Local electronic modulation by single-atom Cu for CO₂ hydrogenation to light olefins

Despite significant progress in bifunctional catalysts for CO₂ hydrogenation, simultaneously achieving high CO₂ conversion and excellent light olefins selectivity remains challenging due to the unclear role of H₂ activation pathways. Herein, we establish a local electronic modulation strategy that enables precise control of H₂ activation by constructing isolated Cu–O–Zr interfacial sites within ZnZrO_x. The introduction of single-atom Cu serves as an atomic-level model to realize this modulation, where the Cu–O–Zr interface reduces the H₂ dissociation barrier to 0.85 eV and promotes methanol-mediated olefin formation while suppressing side reactions.

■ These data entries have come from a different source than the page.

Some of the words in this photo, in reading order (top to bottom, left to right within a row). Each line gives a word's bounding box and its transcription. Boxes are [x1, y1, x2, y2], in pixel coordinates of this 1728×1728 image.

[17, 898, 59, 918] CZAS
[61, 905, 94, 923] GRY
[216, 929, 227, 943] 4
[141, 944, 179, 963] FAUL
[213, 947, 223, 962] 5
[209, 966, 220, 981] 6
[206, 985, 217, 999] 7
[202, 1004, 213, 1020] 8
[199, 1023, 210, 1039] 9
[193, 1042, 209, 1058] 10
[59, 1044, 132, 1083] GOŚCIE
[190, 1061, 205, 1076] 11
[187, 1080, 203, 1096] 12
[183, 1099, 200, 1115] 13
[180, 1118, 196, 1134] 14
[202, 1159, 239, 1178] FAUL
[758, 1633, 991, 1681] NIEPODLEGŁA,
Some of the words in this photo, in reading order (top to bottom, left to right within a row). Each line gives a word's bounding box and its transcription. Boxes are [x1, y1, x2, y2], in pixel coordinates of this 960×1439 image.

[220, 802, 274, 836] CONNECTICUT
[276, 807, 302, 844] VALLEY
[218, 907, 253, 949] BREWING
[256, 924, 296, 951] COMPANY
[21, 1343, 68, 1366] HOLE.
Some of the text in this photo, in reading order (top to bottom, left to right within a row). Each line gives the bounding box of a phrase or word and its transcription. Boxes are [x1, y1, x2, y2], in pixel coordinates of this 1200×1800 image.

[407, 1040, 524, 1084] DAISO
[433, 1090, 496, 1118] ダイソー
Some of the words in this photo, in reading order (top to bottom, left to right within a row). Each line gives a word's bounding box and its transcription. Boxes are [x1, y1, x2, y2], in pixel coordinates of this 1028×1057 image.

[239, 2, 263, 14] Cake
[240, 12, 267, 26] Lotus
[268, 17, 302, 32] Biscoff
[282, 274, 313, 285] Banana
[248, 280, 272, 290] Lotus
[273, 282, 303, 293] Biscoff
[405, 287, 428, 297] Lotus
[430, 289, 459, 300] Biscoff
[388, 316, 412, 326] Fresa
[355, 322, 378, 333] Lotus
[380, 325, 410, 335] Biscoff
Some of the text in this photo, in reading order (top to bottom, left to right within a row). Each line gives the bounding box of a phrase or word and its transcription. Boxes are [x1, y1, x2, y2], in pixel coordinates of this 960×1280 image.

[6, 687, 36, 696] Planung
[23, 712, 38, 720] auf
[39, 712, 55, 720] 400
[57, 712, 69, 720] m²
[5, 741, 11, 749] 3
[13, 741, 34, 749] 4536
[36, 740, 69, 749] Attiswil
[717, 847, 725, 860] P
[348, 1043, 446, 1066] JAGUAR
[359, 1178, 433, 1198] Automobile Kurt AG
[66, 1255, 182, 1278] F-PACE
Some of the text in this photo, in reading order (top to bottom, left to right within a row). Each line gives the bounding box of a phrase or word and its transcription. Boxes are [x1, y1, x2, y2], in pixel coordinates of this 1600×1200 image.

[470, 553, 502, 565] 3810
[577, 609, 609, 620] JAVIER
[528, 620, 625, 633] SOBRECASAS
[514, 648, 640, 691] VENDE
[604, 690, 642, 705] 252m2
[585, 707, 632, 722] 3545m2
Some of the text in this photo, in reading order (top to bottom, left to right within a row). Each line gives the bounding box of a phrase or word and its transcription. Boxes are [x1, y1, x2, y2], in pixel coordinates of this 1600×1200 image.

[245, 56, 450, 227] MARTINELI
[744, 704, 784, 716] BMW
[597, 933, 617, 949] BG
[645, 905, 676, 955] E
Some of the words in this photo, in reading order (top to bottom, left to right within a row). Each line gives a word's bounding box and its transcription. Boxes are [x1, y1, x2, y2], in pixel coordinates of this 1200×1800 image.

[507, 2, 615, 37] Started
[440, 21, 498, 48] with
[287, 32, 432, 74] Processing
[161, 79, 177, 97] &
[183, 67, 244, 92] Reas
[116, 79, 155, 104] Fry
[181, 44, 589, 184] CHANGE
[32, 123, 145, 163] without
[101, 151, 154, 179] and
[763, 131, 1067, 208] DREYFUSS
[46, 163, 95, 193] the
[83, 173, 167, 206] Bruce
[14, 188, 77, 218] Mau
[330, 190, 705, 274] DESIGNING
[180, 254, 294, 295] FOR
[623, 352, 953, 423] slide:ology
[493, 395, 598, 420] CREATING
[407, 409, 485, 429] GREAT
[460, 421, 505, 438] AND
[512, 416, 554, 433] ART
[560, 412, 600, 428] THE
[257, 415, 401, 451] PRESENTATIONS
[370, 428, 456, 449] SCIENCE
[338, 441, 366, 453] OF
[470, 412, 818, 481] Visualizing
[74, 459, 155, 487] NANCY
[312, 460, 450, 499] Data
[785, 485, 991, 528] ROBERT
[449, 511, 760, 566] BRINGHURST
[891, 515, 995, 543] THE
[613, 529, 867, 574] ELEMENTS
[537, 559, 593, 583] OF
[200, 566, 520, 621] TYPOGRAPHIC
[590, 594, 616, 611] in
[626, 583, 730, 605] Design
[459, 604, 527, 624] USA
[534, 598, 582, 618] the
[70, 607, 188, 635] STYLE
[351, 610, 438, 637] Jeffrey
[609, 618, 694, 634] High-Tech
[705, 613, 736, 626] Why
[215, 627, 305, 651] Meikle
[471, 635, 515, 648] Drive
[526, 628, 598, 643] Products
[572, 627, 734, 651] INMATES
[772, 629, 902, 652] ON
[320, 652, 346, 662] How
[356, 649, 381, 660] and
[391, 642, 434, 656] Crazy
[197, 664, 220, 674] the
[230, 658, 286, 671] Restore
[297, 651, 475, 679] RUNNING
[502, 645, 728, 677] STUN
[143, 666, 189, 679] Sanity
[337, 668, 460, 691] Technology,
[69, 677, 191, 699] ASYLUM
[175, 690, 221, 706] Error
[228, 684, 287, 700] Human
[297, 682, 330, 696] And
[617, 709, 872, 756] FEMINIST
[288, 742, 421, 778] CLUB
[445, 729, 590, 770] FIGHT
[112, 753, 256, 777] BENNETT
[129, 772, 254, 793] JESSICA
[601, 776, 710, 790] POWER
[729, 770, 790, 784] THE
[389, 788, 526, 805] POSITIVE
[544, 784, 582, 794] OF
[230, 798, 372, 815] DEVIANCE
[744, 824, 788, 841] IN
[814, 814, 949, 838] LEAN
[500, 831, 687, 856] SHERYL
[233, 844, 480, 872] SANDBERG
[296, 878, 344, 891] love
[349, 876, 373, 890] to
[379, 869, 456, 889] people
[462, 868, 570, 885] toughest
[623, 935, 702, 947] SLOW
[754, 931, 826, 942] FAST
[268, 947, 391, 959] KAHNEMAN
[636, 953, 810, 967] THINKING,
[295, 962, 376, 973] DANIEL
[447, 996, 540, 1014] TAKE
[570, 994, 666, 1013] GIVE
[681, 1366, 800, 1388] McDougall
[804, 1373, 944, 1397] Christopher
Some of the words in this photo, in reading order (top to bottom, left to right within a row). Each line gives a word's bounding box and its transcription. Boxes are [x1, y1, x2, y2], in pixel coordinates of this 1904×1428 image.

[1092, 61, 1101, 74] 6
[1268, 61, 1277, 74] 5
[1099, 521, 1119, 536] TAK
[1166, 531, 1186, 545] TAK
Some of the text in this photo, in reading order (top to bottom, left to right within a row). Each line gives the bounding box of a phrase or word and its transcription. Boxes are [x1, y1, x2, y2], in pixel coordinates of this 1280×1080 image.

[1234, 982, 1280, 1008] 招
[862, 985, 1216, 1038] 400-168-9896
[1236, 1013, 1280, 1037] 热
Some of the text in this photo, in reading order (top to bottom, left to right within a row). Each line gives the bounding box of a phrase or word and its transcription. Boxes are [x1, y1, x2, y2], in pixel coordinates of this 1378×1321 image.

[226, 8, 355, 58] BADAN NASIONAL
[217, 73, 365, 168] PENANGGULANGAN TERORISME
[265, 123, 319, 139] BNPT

When integrated with SAPO-34, the Cu single-atoms (SAs) doped ZnZrO_x catalyst achieves a 50 % increase in light olefins yield compared to its Cu-free counterpart, effectively overcoming the conventional activity–selectivity trade-off. Combined DFT and in situ spectroscopic analyses reveal that the moderate hydrogenation capability of Cu_SAs–H intermediates selectively channels reaction pathways toward olefins production, in sharp contrast to the overactive Cu–H species derived from metallic Cu⁰ nanoparticles (Cu NPs). This work establishes local electronic modulation as a powerful and generalizable strategy to tune hydrogen activation at the atomic level, offering mechanistic insights into selective CO₂ hydrogenation and beyond.